Systemic fungicides are distinguished by the fact that they protect plants by penetrating into their tissues and suppressing pathogenic microflora. Unfortunately, phlox infections quickly adapt to the composition of such drugs, develop immunity to them. The frequency of application of systemic drugs during the season is no more than 2 times. Preventive treatment provides protection for 30 days.

Many systemic products are recommended for preventive spraying at the stage when the sprouts are just emerging. This is how penconazole-based formulations work, coping with powdery mildew and other types of mycoses. The recommended concentration of the substance is 10 ml per 10 liters of water, the protective effect lasts up to 5 weeks.
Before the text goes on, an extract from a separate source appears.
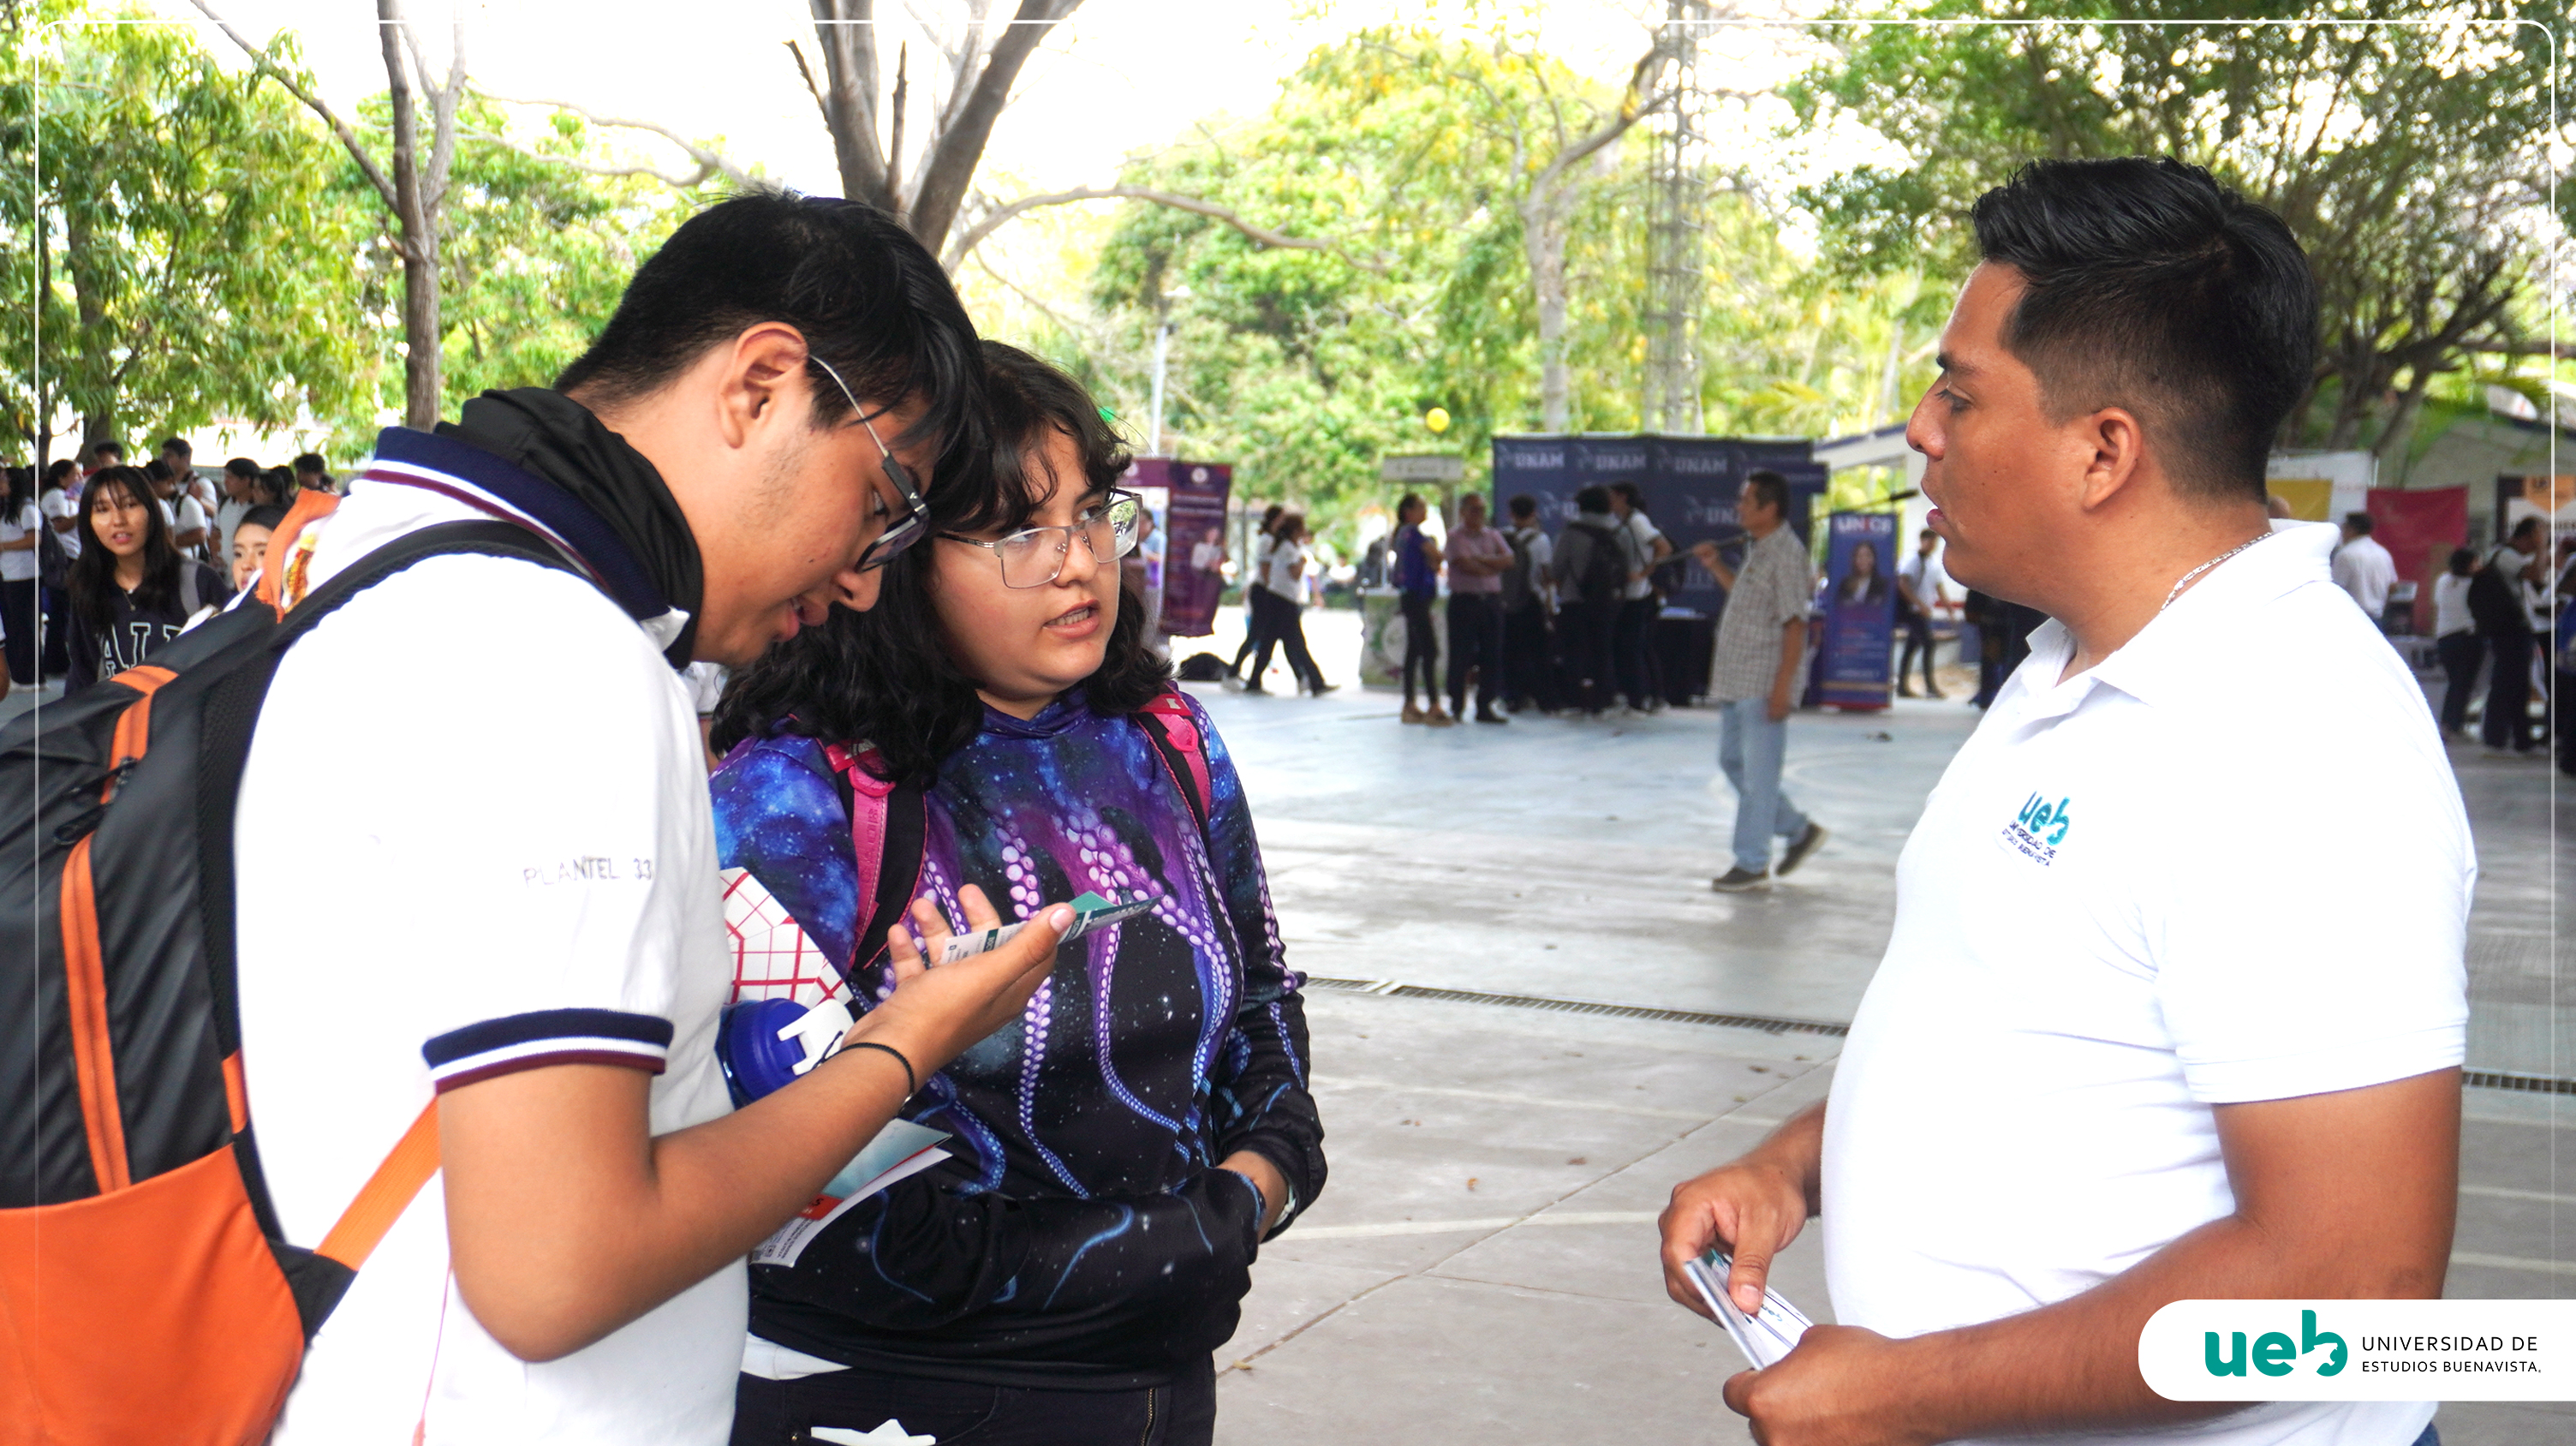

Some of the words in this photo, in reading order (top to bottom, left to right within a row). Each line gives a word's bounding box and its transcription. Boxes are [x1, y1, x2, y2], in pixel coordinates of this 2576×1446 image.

[1514, 451, 1565, 469] UNAM
[523, 855, 621, 887] PLANTEL
[633, 857, 652, 881] 33
Relevant among modern lovers of phlox and a preventive measure, which consists in the cultivation of useful mushrooms. Biological protection methods involve the use of natural enemies of dangerous bacteria or mold. The preventive use of such funds is carried out 3-4 times during the season. You can use "Fitosporin", "Baktofit", "Trichocin" - they all provide protection against powdery mildew for 3-4 weeks.

An approximate calendar for preventive treatment of phlox will be as follows:

  • disinfection of seeds - the compositions "Glyokladin", "Gamair" are used;
  • preliminary pre-planting soil cultivation - here "Trichocin", as well as preparations similar to it, has proved to be the best;
  • vegetative treatment in 3-4 stages with an interval of 25-30 days - treatments with "Trichocin" and a complex of "Gamair" and "Alirin" are used.

It is important to understand that in the case of phlox, compliance with agrotechnical recommendations is of great importance in maintaining their health. If they are kept, then the own immunity of annuals and perennials will be strong enough to withstand a variety of sources of danger.